There’s an annoyingly persistent meme that sets up creatives against math men and women, warring tribes and never the twain shall meet. In recent years, as the industry has embraced big data and creatives have become versed in the lingo of business transformation, that rigid division has been chipped away. But Daniel represents another challenge to that tired old cliché – he’s not out to shut down creative people but to raise them up.

It’s a thread that’s woven right through Daniel’s career. In the early noughties, he worked for MGR, an accounting firm immersed in the entertainment world. With clients from the worlds of music, movies and media he found that the ‘unconventional characters’ he was advising demanded him to think quickly and laterally – a sharp learning curve for a freshly-qualified accountant.

The next move was to Columbia Records, where Daniel would learn how to deal with disruption. It was the mid-2000s and the music industry was in tailspin. Piracy was gouging record sales and it was the dark pre-Spotify years, before the industry had figured out how to monetize music online. It was, reflects Daniel, an experience that would stand him in good stead.

“During my time as Head of Financial Planning at Columbia Label Group a key challenge was to find additional revenue streams to supplement the declining physical sales due to piracy. It was clear the record companies were facing an existential threat due to technology changes and the business model needed to pivot urgently,” he says. “It was around this time that we developed our first “360 degree” business models, where JVs between the artists and the label covered digital, merchandising and live revenue streams, not just physical sales.
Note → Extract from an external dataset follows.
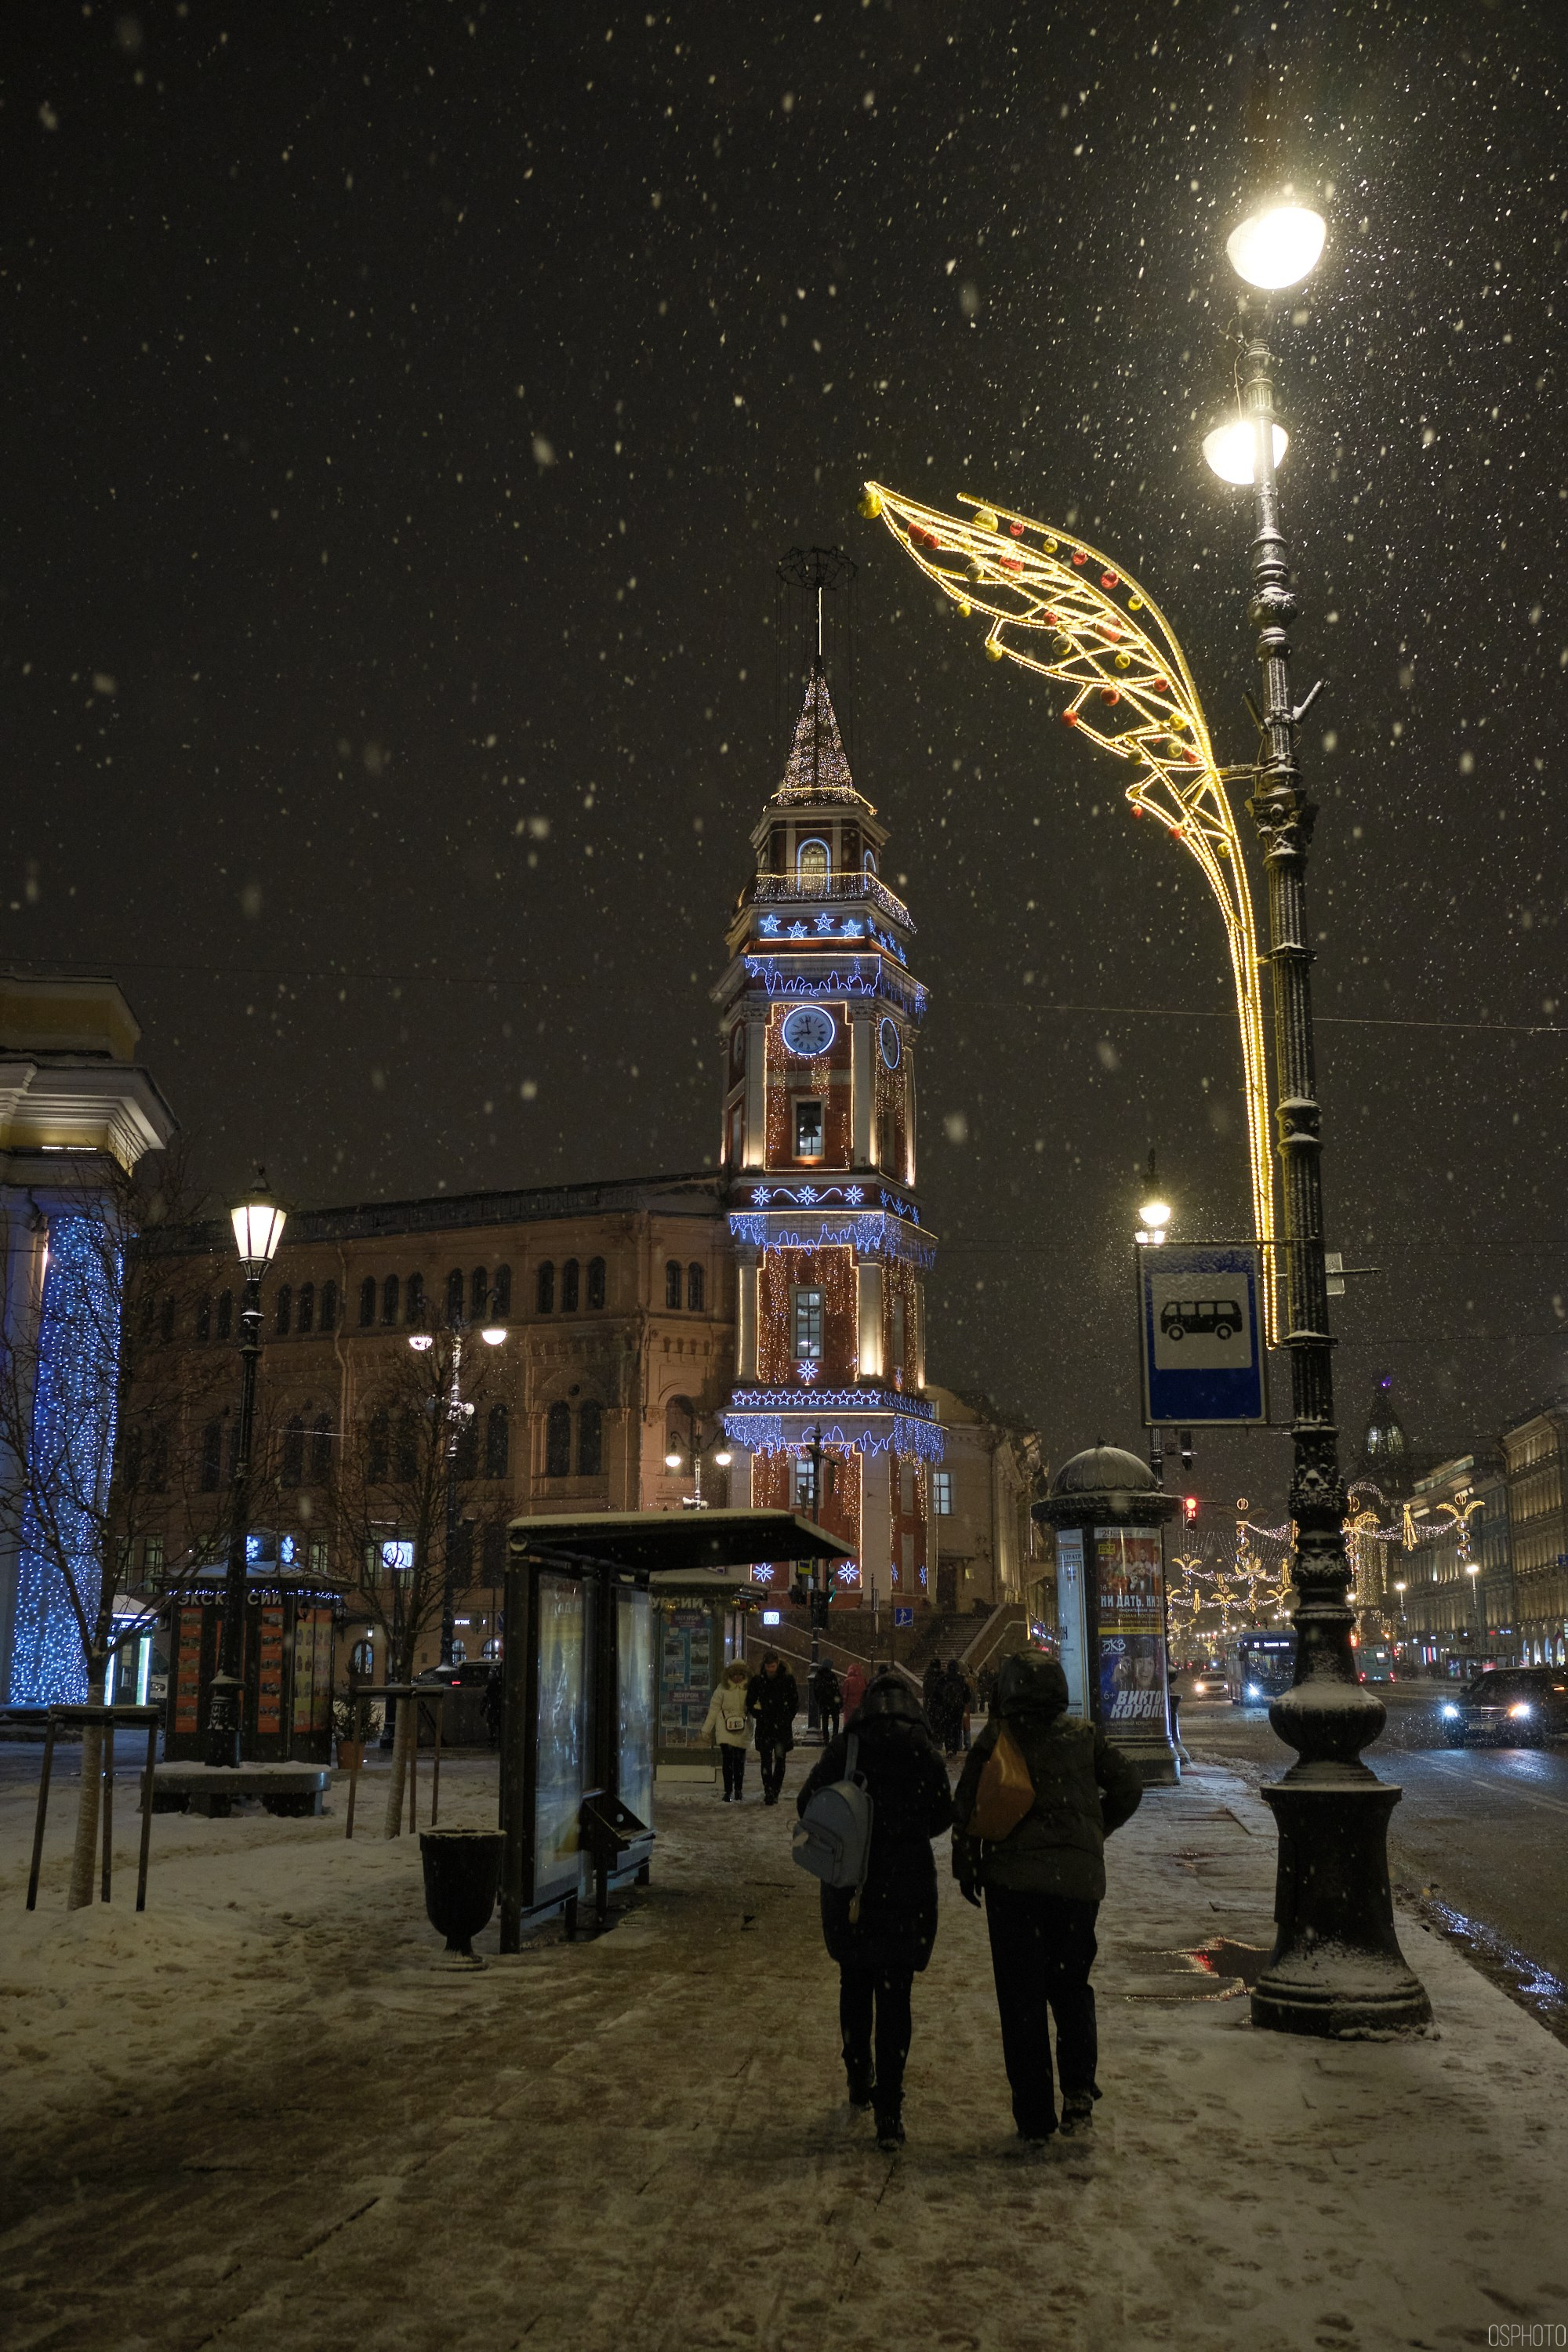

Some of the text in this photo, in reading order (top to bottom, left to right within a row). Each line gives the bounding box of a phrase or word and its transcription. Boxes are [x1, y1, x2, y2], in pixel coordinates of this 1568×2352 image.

[177, 1592, 282, 1606] ЭКСКСИИ
[1101, 1595, 1113, 1607] НИ
[1146, 1595, 1156, 1607] НИ
[1103, 1690, 1116, 1700] 6+
My key learning from my time with Sony was that you must take nothing for granted and continue to innovate in order to remain relevant. There are certainly many parallels to the challenges today facing the agency and broadcaster groups.”

And if there’s one industry that’s been more disrupted than music, it’s advertising. In 2007, he was enticed over to a scrappy start up with a big ambition, to become a leading ad tech provider. 

“I moved from Sony Music to Adstream because of the passion, energy and sense of purpose I saw. We were a small start-up with grand plans to be the leading global provider of technology to the advertising industry, to create a new market across the world and to dispense with tapes and couriers in favour of a faster, greener and more automated online video ad workflow. I loved the fact that there were such audacious plans for the business and the opportunity to turn that plan into a reality was too hard to resist.”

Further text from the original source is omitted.